New York Gov. Andrew Cuomo said Tuesday he was unaware of any request to send New York’s Guard to Washington but said he wouldn’t have granted such a request because they are needed at home. Richard Azzopardi, a senior adviser to the governor, said 200 New York National Guard troops were requested and the decision to deny the request was made at an agency level that did not directly involve Cuomo.

Trump has been particularly critical of how officials have handled looting and violence in New York City.

“NYC, CALL UP THE NATIONAL GUARD. The lowlifes and losers are ripping you apart,” Trump tweeted Tuesday.

Pennsylvania Gov. Tom Wolf was also asked to send troops but said he is still evaluating the Trump administration’s request.

“The National Guard currently has significant resources deployed across Pennsylvania. Their current priority is assisting commonwealth municipalities in their response to de-escalate violence and keep our communities safe,” said Wolf spokeswoman Lyndsay Kensinger.

Other governors have been more receptive.

Gen. Joseph Lengyel, chief of the National Guard Bureau, said almost 1,500 guardsmen were coming to Washington on Tuesday from several states and more were expected Wednesday.

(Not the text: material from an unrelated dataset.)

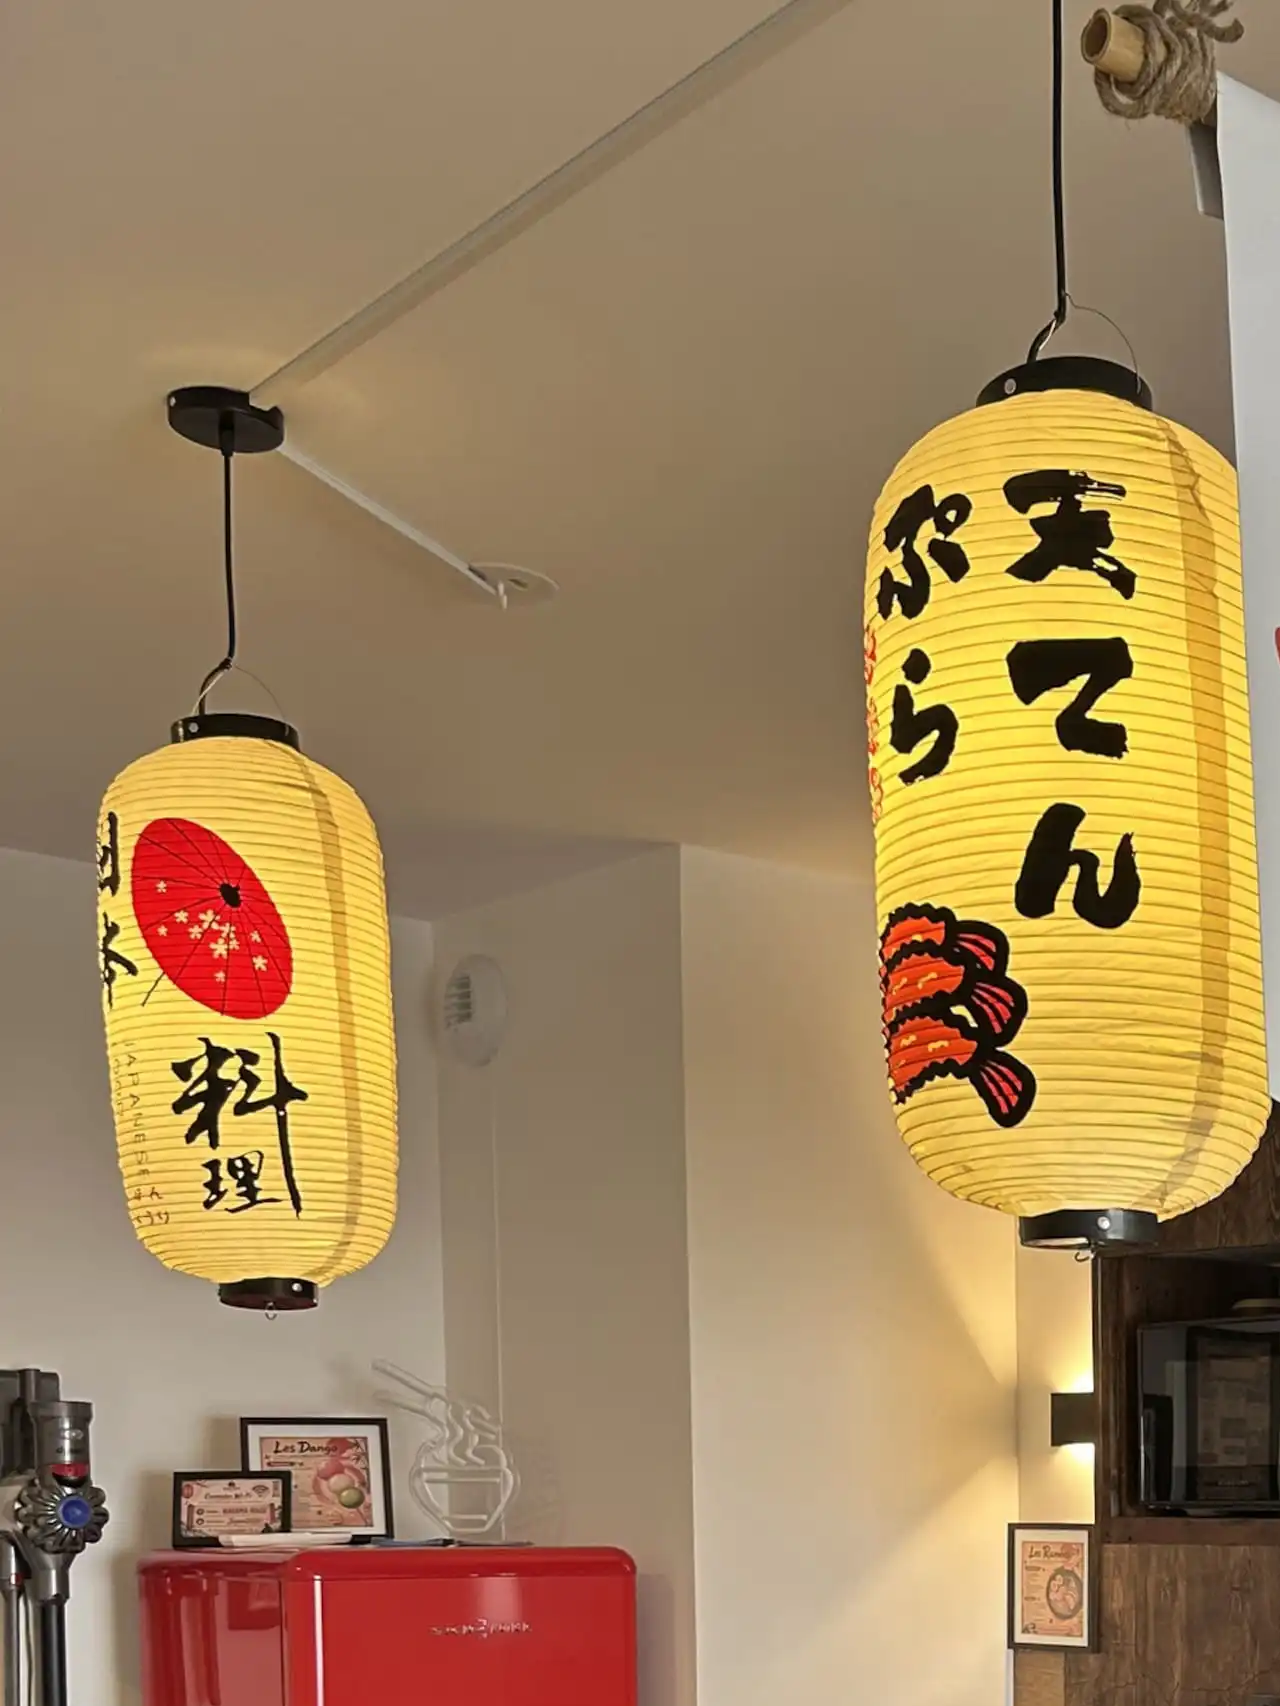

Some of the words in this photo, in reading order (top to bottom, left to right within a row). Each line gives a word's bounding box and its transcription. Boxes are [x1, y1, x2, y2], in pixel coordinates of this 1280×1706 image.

[171, 1031, 309, 1220] 料理
[273, 1440, 296, 1454] Les
[297, 1440, 339, 1456] Dango

New Jersey Gov. Phil Murphy said his state’s troops were sent “explicitly to protect federal buildings and federal monuments.” Murphy is the only Democratic governor who has sent troops so far.

Maryland Gov. Larry Hogan is sending 116 members of the National Guard to be stationed on the National Mall. Hogan spokesman Michael Ricci said they will be used in support of the D.C. National Guard and the U.S. Capitol Police and “are not there in any law enforcement capacity.”

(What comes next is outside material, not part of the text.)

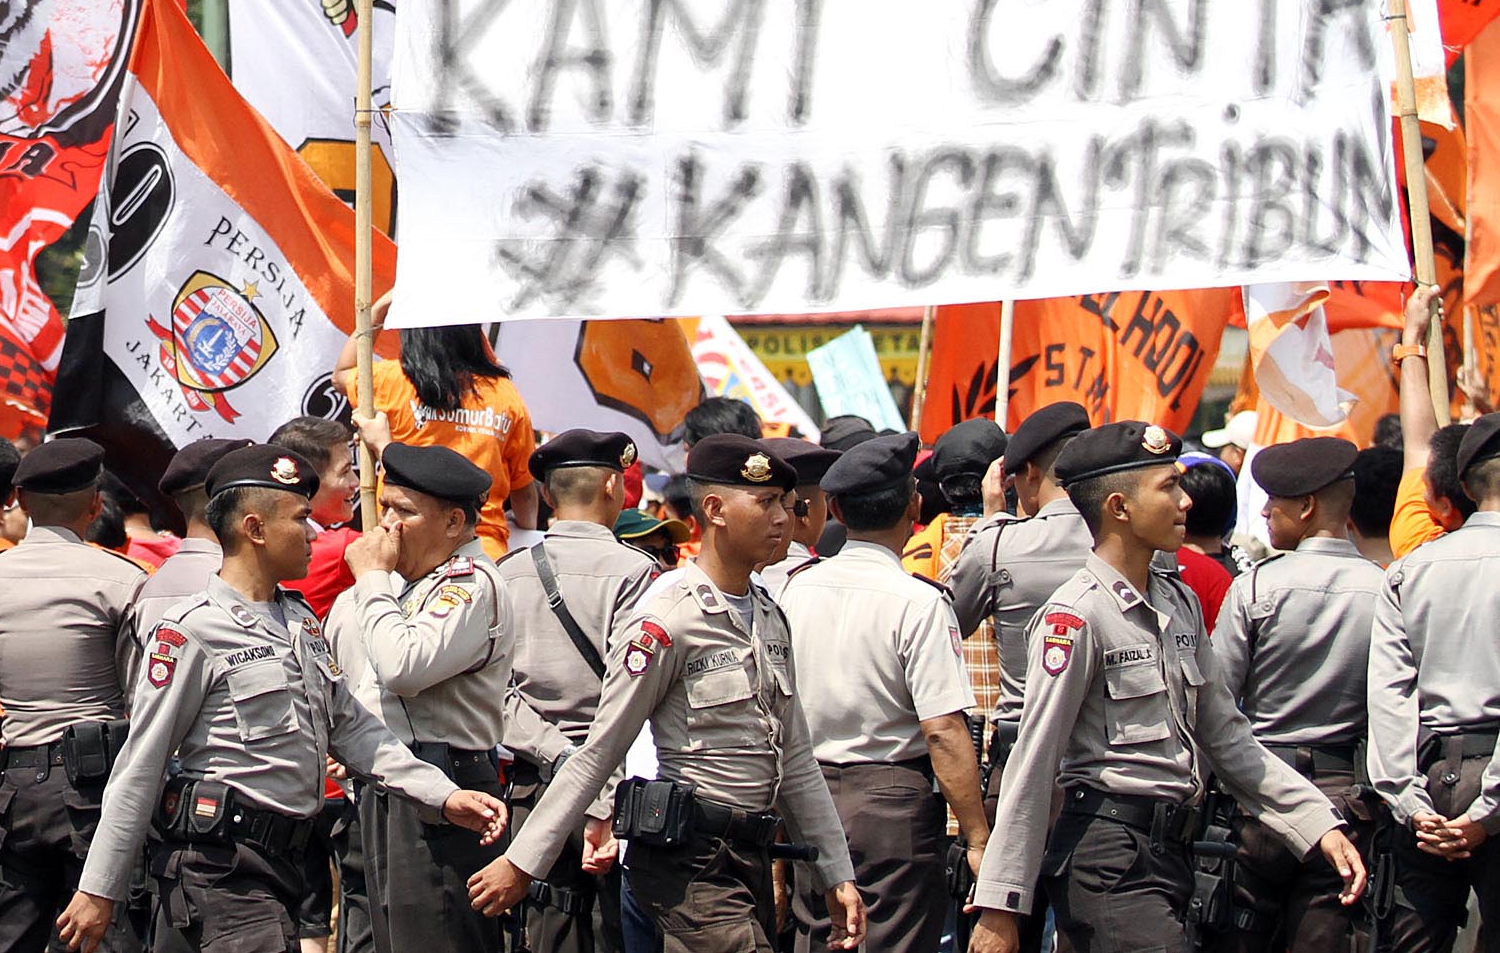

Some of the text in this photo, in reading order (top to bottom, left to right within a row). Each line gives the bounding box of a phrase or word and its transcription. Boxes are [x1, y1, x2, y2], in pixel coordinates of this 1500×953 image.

[204, 215, 308, 341] PERSIJA
[217, 287, 258, 330] PERSIJA
[225, 645, 276, 667] WICAKSONO

Tennessee said it is sending 1,000 troops that should be on the ground no later than Saturday. Utah is sending approximately 200 National Guard troops. And about 445 Guardsmen left South Carolina on Tuesday afternoon bound for Washington, where the duration of their deployment was undetermined.

“When the South Carolina National Guard is activated, we are prepared to respond as long as needed,” Capt. Jessica Donnelly told The Associated Press.

The Associated Press contributed to this story.